Your task
Reproduce the full listing that follows, matching it exactly.

Supplied entries

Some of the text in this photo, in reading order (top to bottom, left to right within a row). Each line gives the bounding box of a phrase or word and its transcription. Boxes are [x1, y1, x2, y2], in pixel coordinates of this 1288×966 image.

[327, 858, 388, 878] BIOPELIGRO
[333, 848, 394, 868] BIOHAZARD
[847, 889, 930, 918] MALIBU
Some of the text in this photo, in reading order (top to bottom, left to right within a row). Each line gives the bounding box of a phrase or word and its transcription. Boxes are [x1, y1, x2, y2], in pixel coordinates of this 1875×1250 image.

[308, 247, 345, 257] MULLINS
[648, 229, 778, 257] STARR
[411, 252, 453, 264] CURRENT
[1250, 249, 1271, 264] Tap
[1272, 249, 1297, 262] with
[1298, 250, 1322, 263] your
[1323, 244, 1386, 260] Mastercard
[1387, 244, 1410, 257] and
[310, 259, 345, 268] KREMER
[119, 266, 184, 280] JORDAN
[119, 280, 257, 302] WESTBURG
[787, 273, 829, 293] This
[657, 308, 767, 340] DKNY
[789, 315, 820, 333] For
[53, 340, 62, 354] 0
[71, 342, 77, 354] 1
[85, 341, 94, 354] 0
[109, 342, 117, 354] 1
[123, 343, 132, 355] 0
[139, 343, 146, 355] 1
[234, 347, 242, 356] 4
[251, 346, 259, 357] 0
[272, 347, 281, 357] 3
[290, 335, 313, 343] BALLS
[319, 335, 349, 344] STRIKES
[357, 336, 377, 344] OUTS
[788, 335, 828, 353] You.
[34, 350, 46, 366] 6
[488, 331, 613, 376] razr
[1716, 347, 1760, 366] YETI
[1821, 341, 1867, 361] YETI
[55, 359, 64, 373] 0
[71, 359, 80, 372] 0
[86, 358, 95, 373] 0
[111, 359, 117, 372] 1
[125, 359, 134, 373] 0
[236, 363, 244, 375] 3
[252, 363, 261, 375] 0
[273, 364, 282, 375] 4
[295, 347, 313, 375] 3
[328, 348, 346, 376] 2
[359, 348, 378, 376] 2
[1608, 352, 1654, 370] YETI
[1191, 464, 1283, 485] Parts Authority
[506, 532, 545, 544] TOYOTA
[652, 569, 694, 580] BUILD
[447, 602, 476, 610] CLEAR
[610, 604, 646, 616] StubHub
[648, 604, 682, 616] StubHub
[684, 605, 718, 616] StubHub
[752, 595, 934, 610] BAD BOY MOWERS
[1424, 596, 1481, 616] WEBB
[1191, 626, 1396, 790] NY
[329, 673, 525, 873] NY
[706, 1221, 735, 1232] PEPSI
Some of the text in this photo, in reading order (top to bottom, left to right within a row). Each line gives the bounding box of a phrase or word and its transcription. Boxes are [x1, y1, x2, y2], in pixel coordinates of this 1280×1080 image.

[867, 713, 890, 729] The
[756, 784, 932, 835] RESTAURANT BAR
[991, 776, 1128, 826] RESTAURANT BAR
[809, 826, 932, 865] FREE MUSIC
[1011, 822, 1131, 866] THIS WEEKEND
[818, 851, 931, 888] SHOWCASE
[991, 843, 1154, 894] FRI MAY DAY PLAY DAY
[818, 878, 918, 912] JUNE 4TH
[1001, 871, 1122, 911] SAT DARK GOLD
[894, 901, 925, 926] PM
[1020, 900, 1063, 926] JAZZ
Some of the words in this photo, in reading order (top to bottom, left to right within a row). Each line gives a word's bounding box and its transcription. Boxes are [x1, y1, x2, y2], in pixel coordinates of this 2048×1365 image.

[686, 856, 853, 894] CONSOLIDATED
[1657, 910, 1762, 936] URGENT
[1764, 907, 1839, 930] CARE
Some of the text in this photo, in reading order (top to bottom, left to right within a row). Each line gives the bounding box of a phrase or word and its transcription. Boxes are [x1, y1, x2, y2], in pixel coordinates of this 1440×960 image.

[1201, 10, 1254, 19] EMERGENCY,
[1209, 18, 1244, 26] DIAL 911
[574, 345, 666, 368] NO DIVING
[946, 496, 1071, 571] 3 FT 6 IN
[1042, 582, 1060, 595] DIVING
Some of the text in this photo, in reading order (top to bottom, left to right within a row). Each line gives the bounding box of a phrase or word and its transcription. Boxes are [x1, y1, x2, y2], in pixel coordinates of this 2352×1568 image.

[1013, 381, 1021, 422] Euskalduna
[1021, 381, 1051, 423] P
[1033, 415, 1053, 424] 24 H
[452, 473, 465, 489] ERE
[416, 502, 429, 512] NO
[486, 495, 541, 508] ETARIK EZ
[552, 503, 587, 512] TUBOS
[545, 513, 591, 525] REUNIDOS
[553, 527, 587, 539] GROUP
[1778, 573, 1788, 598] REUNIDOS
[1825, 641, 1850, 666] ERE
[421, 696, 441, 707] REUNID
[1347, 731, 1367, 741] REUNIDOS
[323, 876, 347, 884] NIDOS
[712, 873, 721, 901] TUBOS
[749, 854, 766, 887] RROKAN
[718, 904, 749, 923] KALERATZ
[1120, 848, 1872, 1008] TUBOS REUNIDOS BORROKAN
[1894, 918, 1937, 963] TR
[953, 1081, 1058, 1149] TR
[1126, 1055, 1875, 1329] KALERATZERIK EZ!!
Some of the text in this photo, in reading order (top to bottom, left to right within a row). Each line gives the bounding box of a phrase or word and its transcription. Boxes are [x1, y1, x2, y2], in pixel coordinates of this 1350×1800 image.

Solution to this problem
Some of the text in this photo, in reading order (top to bottom, left to right within a row). Each line gives the bounding box of a phrase or word and its transcription. Boxes are [x1, y1, x2, y2], in pixel coordinates of this 1288×966 image.

[327, 858, 388, 878] BIOPELIGRO
[333, 848, 394, 868] BIOHAZARD
[847, 889, 930, 918] MALIBU
Some of the text in this photo, in reading order (top to bottom, left to right within a row). Each line gives the bounding box of a phrase or word and its transcription. Boxes are [x1, y1, x2, y2], in pixel coordinates of this 1875×1250 image.

[308, 247, 345, 257] MULLINS
[648, 229, 778, 257] STARR
[411, 252, 453, 264] CURRENT
[1250, 249, 1271, 264] Tap
[1272, 249, 1297, 262] with
[1298, 250, 1322, 263] your
[1323, 244, 1386, 260] Mastercard
[1387, 244, 1410, 257] and
[310, 259, 345, 268] KREMER
[119, 266, 184, 280] JORDAN
[119, 280, 257, 302] WESTBURG
[787, 273, 829, 293] This
[657, 308, 767, 340] DKNY
[789, 315, 820, 333] For
[53, 340, 62, 354] 0
[71, 342, 77, 354] 1
[85, 341, 94, 354] 0
[109, 342, 117, 354] 1
[123, 343, 132, 355] 0
[139, 343, 146, 355] 1
[234, 347, 242, 356] 4
[251, 346, 259, 357] 0
[272, 347, 281, 357] 3
[290, 335, 313, 343] BALLS
[319, 335, 349, 344] STRIKES
[357, 336, 377, 344] OUTS
[788, 335, 828, 353] You.
[34, 350, 46, 366] 6
[488, 331, 613, 376] razr
[1716, 347, 1760, 366] YETI
[1821, 341, 1867, 361] YETI
[55, 359, 64, 373] 0
[71, 359, 80, 372] 0
[86, 358, 95, 373] 0
[111, 359, 117, 372] 1
[125, 359, 134, 373] 0
[236, 363, 244, 375] 3
[252, 363, 261, 375] 0
[273, 364, 282, 375] 4
[295, 347, 313, 375] 3
[328, 348, 346, 376] 2
[359, 348, 378, 376] 2
[1608, 352, 1654, 370] YETI
[1191, 464, 1283, 485] Parts Authority
[506, 532, 545, 544] TOYOTA
[652, 569, 694, 580] BUILD
[447, 602, 476, 610] CLEAR
[610, 604, 646, 616] StubHub
[648, 604, 682, 616] StubHub
[684, 605, 718, 616] StubHub
[752, 595, 934, 610] BAD BOY MOWERS
[1424, 596, 1481, 616] WEBB
[1191, 626, 1396, 790] NY
[329, 673, 525, 873] NY
[706, 1221, 735, 1232] PEPSI
Some of the text in this photo, in reading order (top to bottom, left to right within a row). Each line gives the bounding box of a phrase or word and its transcription. Boxes are [x1, y1, x2, y2], in pixel coordinates of this 1280×1080 image.

[867, 713, 890, 729] The
[756, 784, 932, 835] RESTAURANT BAR
[991, 776, 1128, 826] RESTAURANT BAR
[809, 826, 932, 865] FREE MUSIC
[1011, 822, 1131, 866] THIS WEEKEND
[818, 851, 931, 888] SHOWCASE
[991, 843, 1154, 894] FRI MAY DAY PLAY DAY
[818, 878, 918, 912] JUNE 4TH
[1001, 871, 1122, 911] SAT DARK GOLD
[894, 901, 925, 926] PM
[1020, 900, 1063, 926] JAZZ
Some of the words in this photo, in reading order (top to bottom, left to right within a row). Each line gives a word's bounding box and its transcription. Boxes are [x1, y1, x2, y2], in pixel coordinates of this 2048×1365 image.

[686, 856, 853, 894] CONSOLIDATED
[1657, 910, 1762, 936] URGENT
[1764, 907, 1839, 930] CARE
Some of the text in this photo, in reading order (top to bottom, left to right within a row). Each line gives the bounding box of a phrase or word and its transcription. Boxes are [x1, y1, x2, y2], in pixel coordinates of this 1440×960 image.

[1201, 10, 1254, 19] EMERGENCY,
[1209, 18, 1244, 26] DIAL 911
[574, 345, 666, 368] NO DIVING
[946, 496, 1071, 571] 3 FT 6 IN
[1042, 582, 1060, 595] DIVING
Some of the text in this photo, in reading order (top to bottom, left to right within a row). Each line gives the bounding box of a phrase or word and its transcription. Boxes are [x1, y1, x2, y2], in pixel coordinates of this 2352×1568 image.

[1013, 381, 1021, 422] Euskalduna
[1021, 381, 1051, 423] P
[1033, 415, 1053, 424] 24 H
[452, 473, 465, 489] ERE
[416, 502, 429, 512] NO
[486, 495, 541, 508] ETARIK EZ
[552, 503, 587, 512] TUBOS
[545, 513, 591, 525] REUNIDOS
[553, 527, 587, 539] GROUP
[1778, 573, 1788, 598] REUNIDOS
[1825, 641, 1850, 666] ERE
[421, 696, 441, 707] REUNID
[1347, 731, 1367, 741] REUNIDOS
[323, 876, 347, 884] NIDOS
[712, 873, 721, 901] TUBOS
[749, 854, 766, 887] RROKAN
[718, 904, 749, 923] KALERATZ
[1120, 848, 1872, 1008] TUBOS REUNIDOS BORROKAN
[1894, 918, 1937, 963] TR
[953, 1081, 1058, 1149] TR
[1126, 1055, 1875, 1329] KALERATZERIK EZ!!
Some of the text in this photo, in reading order (top to bottom, left to right within a row). Each line gives the bounding box of a phrase or word and its transcription. Boxes are [x1, y1, x2, y2], in pixel coordinates of this 1350×1800 image.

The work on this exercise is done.